Je ne suis pas fan de rap, mais j'écoute régulièrement MC Solar avec un plaisir à chaque fois renouvelé, et pour paraphraser Unknown, je dirais que le rappeur que je viens de citer démontre que rap et poésie ne sont pas incompatibles. ;o)

Michel GUILBERT a dit…

A Claire: ben oui, signer un message me paraît tomber sous le sens. Un texte non signé n'existe pas. Voici ce qu'en dit Amélie Nothomb, "signer un texte, un article, un message de son nom, c'est produire son corps comme garantie de ce que l'on écrit. On n'a pas le droit d'écrire n'importe quoi, pour ce motif que l'on porte un nom, et que ce nom représente notre corps.

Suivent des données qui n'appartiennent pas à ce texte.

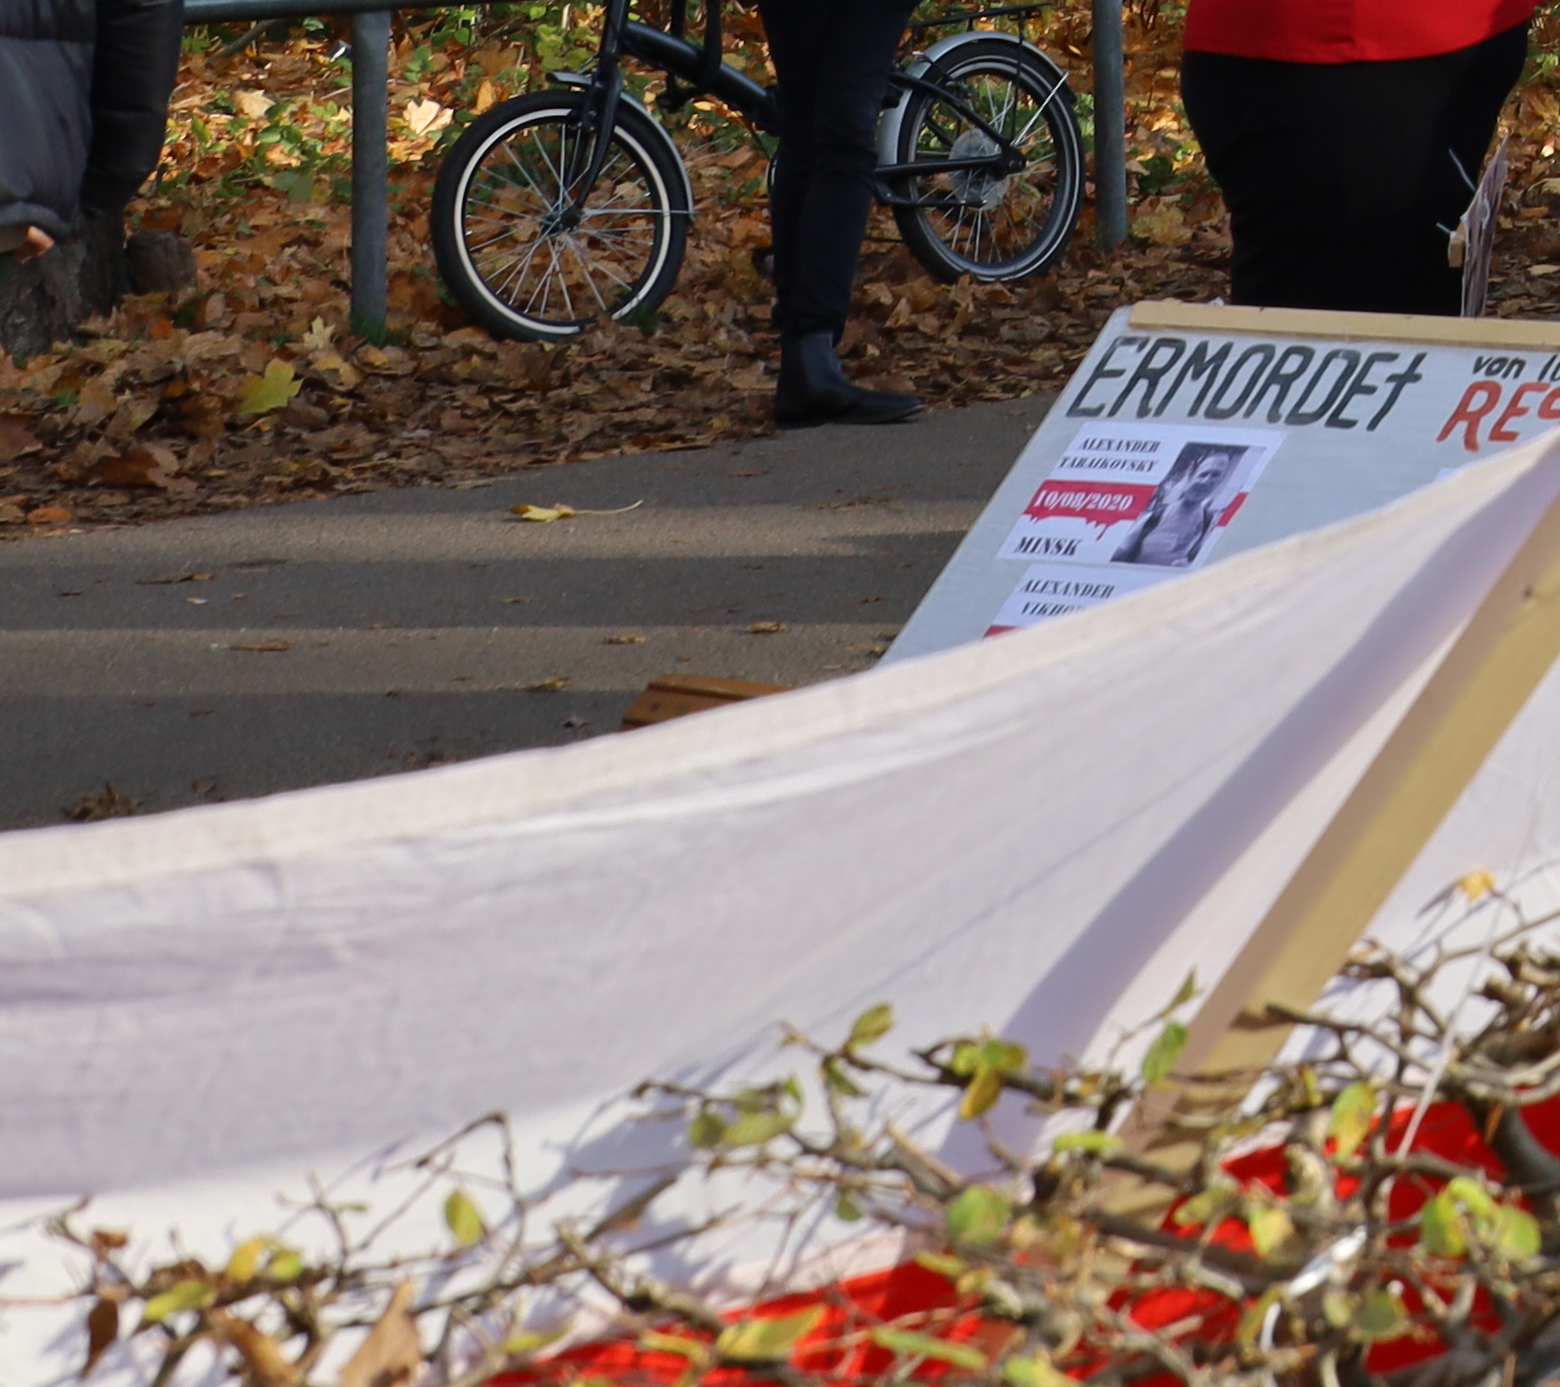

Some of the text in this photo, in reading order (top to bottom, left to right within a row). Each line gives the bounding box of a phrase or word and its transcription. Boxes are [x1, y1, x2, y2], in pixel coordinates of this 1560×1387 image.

Sur Internet, le corps est le grand absent. Il n'y a pas de plus vertigineuse impunité potentielle que l'absence du corps. L'anonymat n'est rien d'autre que la représentation verbale de l'absence du corps. Tout texte courageux et juste comporte une signature" (extrait de "L'anonymat d'Internet", billet publié sur ce blog le 29.4.2008).
A tous, oui, il y a heureusement des rappeurs délicats, poétiques, intelligents. Personnellement, j'aime bien Abd-el-Malik ou encore Baloji.